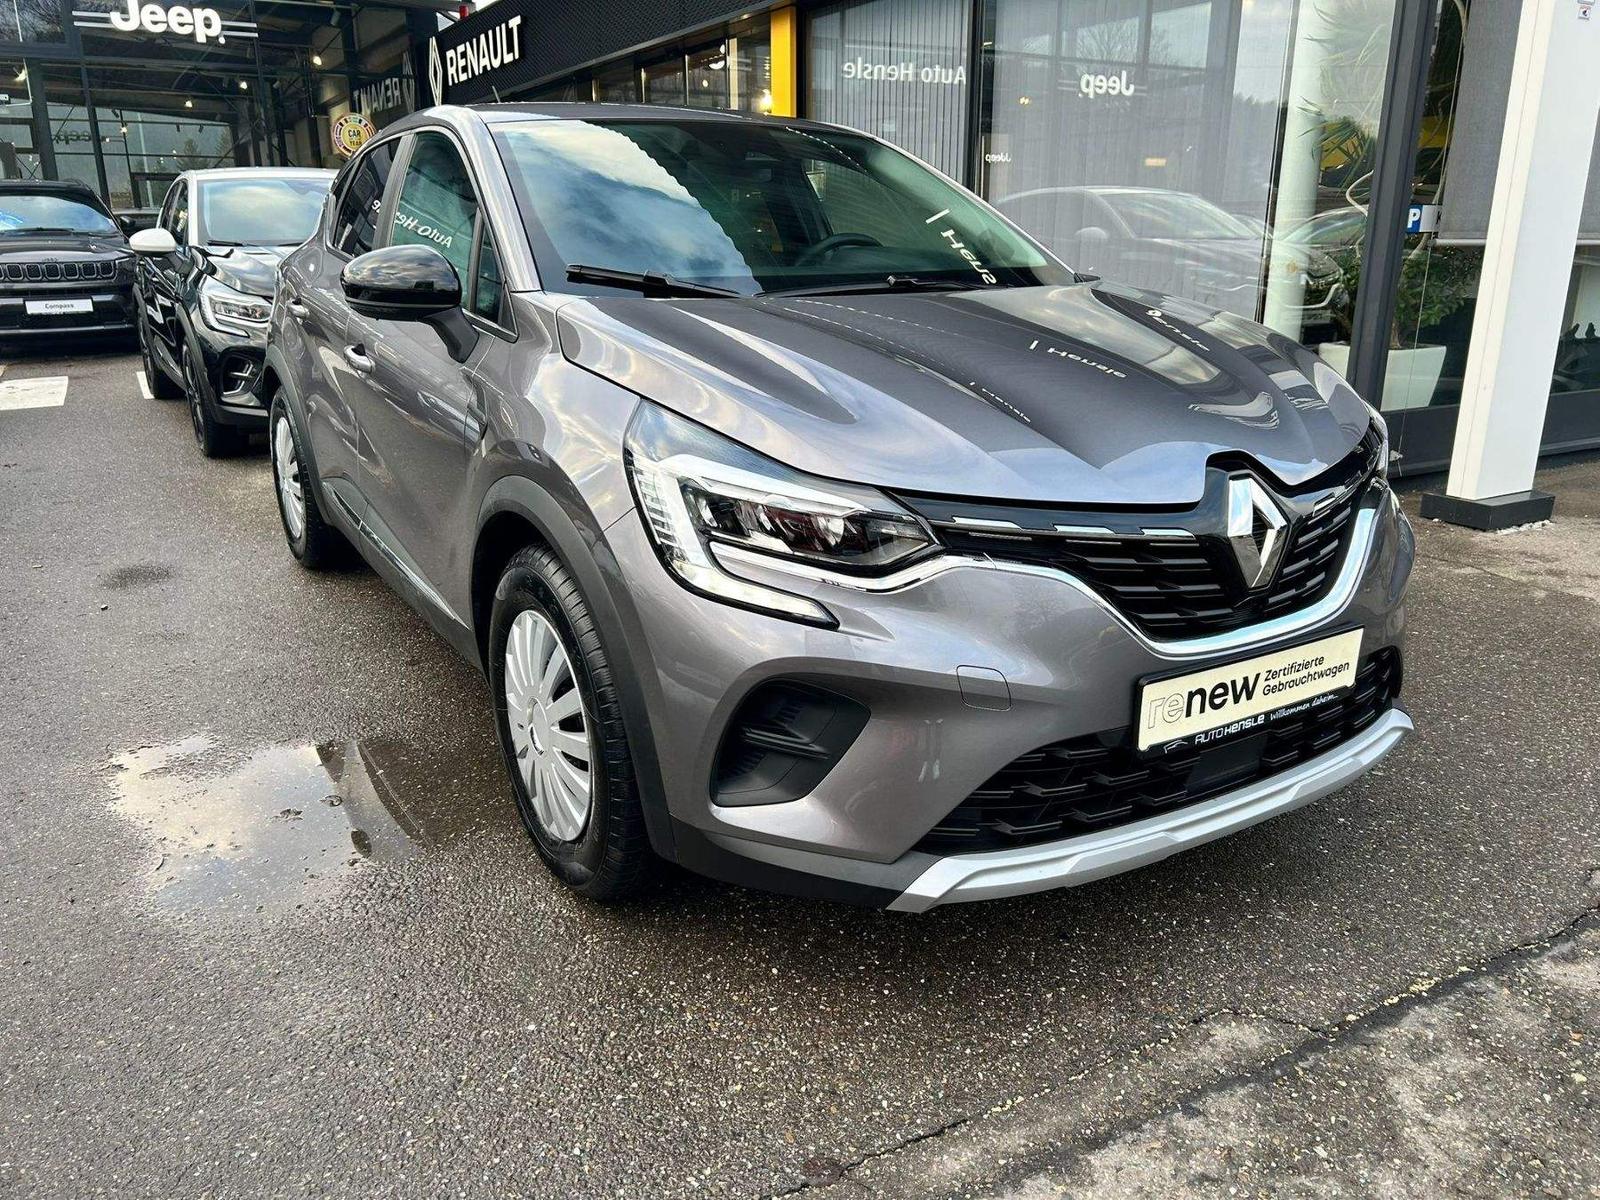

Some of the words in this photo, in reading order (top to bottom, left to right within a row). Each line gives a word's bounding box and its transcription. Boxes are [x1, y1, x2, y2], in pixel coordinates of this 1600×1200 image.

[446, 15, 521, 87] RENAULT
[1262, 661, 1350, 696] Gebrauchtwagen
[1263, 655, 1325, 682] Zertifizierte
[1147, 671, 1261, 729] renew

_ _ _ _ _

**DIRECTIONS FOR THIS TASK:** For each record above, write out every line exactly and skip the pictures.

**RESPONSE TO THE TASK:**
Some of the words in this photo, in reading order (top to bottom, left to right within a row). Each line gives a word's bounding box and its transcription. Boxes are [x1, y1, x2, y2], in pixel coordinates of this 1600×1200 image.

[446, 15, 521, 87] RENAULT
[1262, 661, 1350, 696] Gebrauchtwagen
[1263, 655, 1325, 682] Zertifizierte
[1147, 671, 1261, 729] renew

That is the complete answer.